**SOURCE MATERIAL**

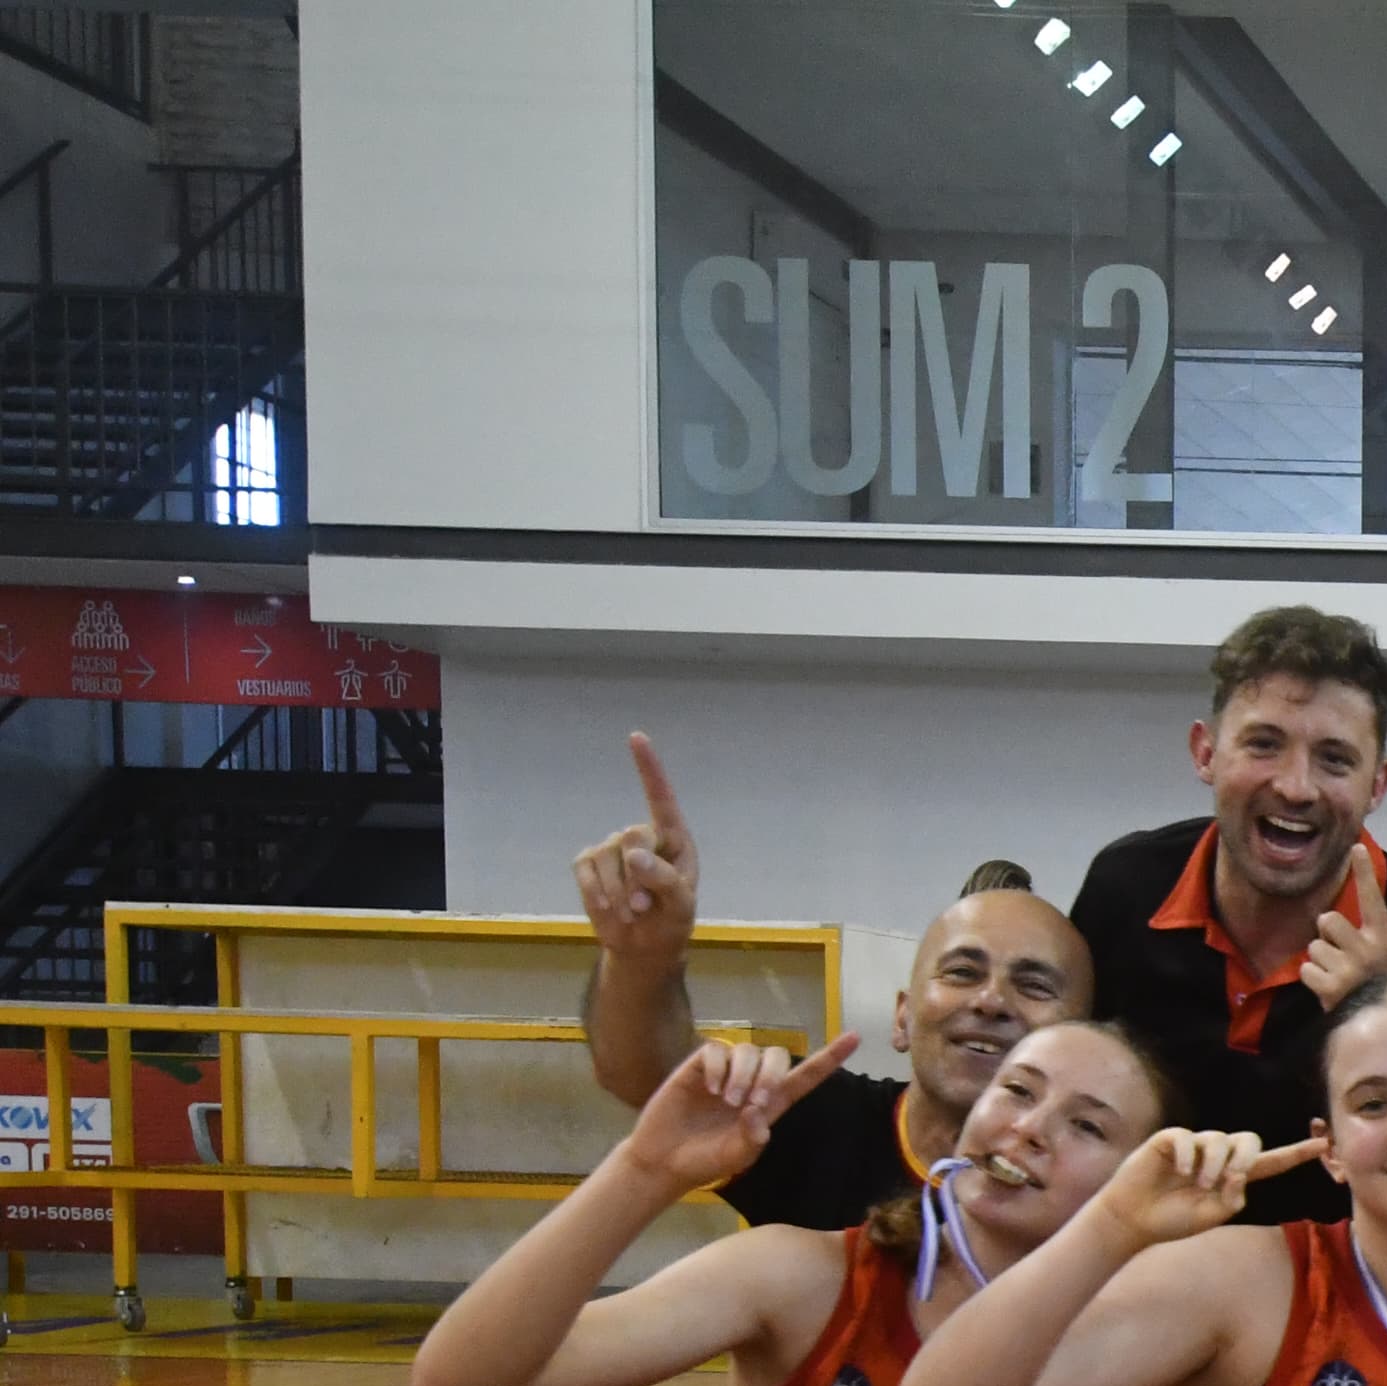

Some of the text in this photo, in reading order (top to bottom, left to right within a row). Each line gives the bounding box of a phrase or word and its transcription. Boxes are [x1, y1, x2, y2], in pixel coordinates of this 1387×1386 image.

[681, 256, 1173, 502] SUM 2
[237, 679, 312, 698] VESTUARIOS
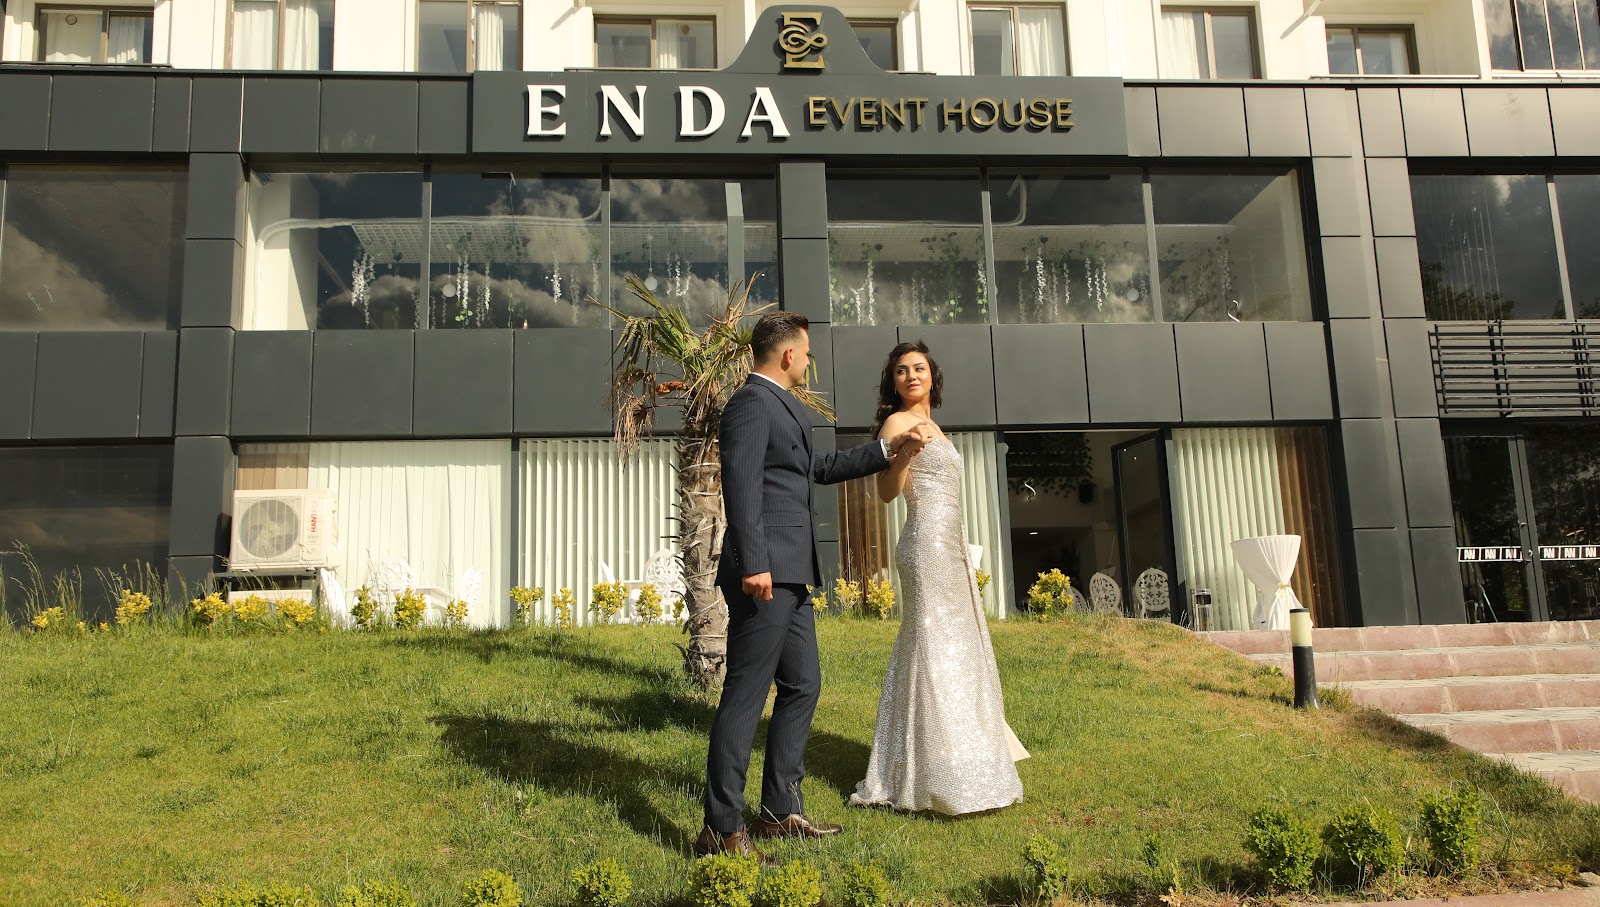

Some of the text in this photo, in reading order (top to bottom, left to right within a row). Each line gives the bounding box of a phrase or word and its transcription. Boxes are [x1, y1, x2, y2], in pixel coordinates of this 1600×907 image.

[526, 84, 1075, 137] ENDA EVENT HOUSE
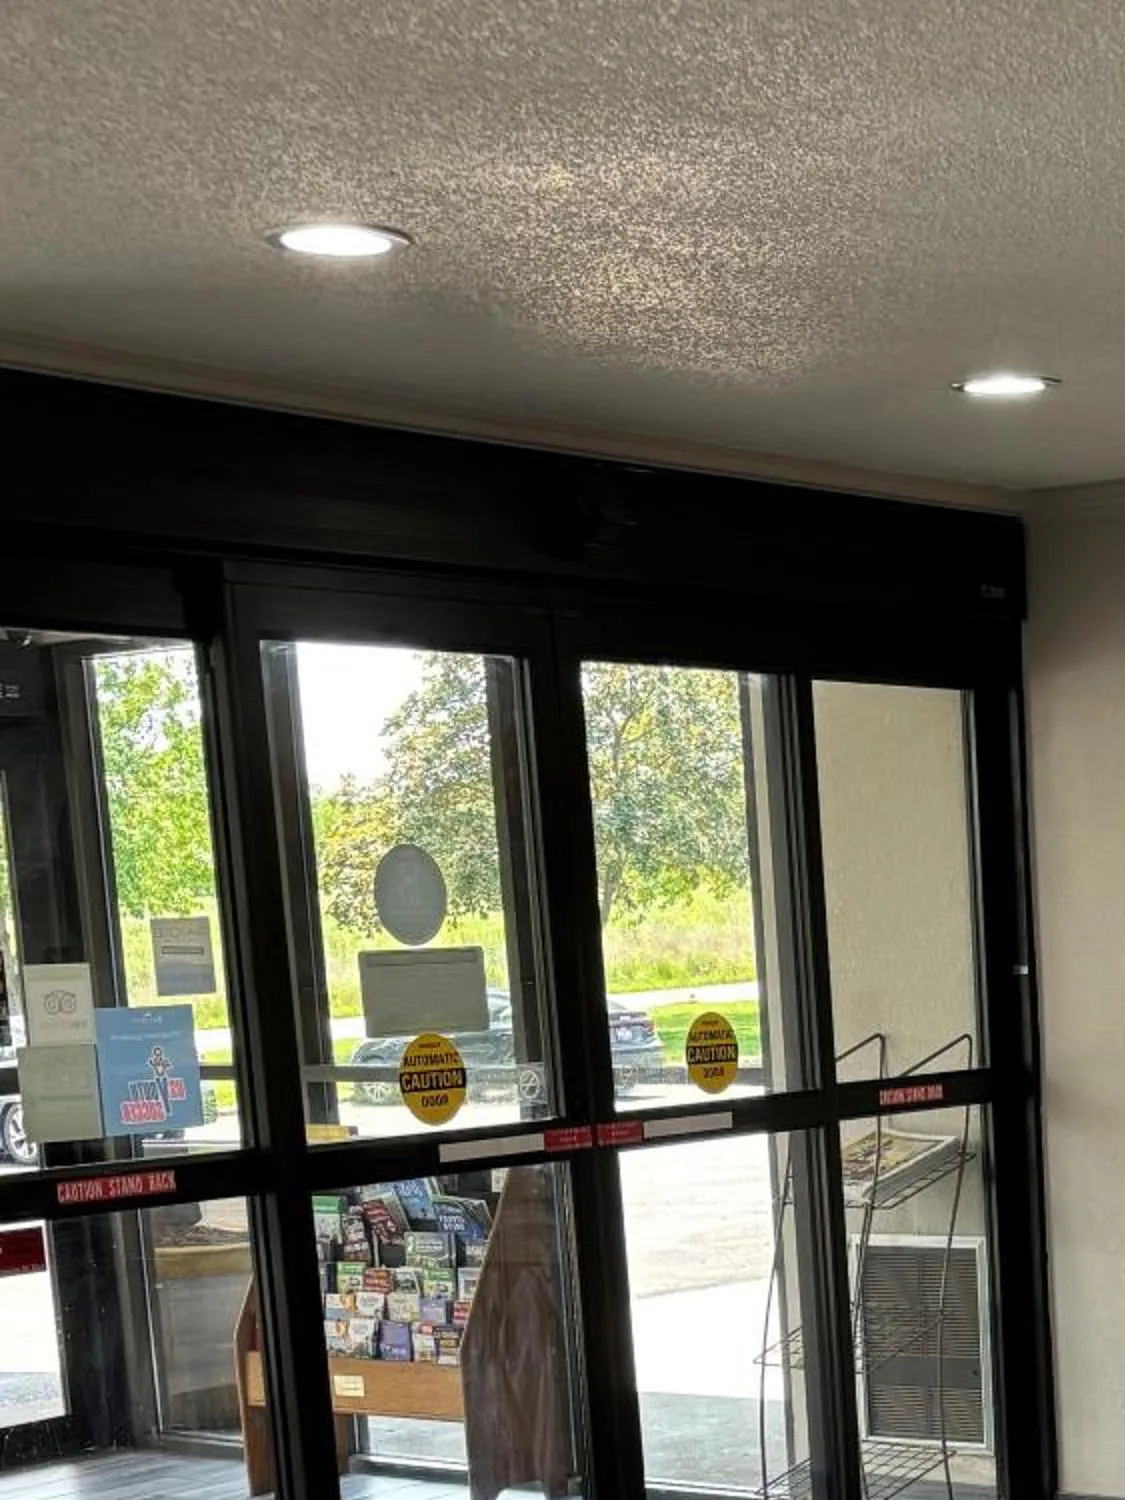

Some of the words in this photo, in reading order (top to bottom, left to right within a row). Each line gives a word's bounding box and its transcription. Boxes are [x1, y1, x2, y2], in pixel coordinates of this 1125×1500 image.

[403, 1050, 461, 1067] AUTOMATIC
[687, 1045, 736, 1063] CAUTION
[401, 1069, 463, 1092] CAUTION
[421, 1094, 449, 1108] DOOR

**EXERCISE DETAILS**
Return the material above in exact form. Pictures stay out.

**OUTPUT FOR THIS EXERCISE**
Some of the text in this photo, in reading order (top to bottom, left to right within a row). Each line gives the bounding box of a phrase or word and its transcription. Boxes are [x1, y1, x2, y2], in pixel coordinates of this 1387×1386 image.

[681, 256, 1173, 502] SUM 2
[237, 679, 312, 698] VESTUARIOS

Some of the text in this photo, in reading order (top to bottom, left to right within a row). Each line gives the bounding box of a phrase or word and its transcription. Boxes are [x1, y1, x2, y2], in pixel coordinates of this 1600×907 image.

[526, 84, 1075, 137] ENDA EVENT HOUSE

Some of the words in this photo, in reading order (top to bottom, left to right within a row). Each line gives a word's bounding box and its transcription. Boxes are [x1, y1, x2, y2], in pixel coordinates of this 1125×1500 image.

[403, 1050, 461, 1067] AUTOMATIC
[687, 1045, 736, 1063] CAUTION
[401, 1069, 463, 1092] CAUTION
[421, 1094, 449, 1108] DOOR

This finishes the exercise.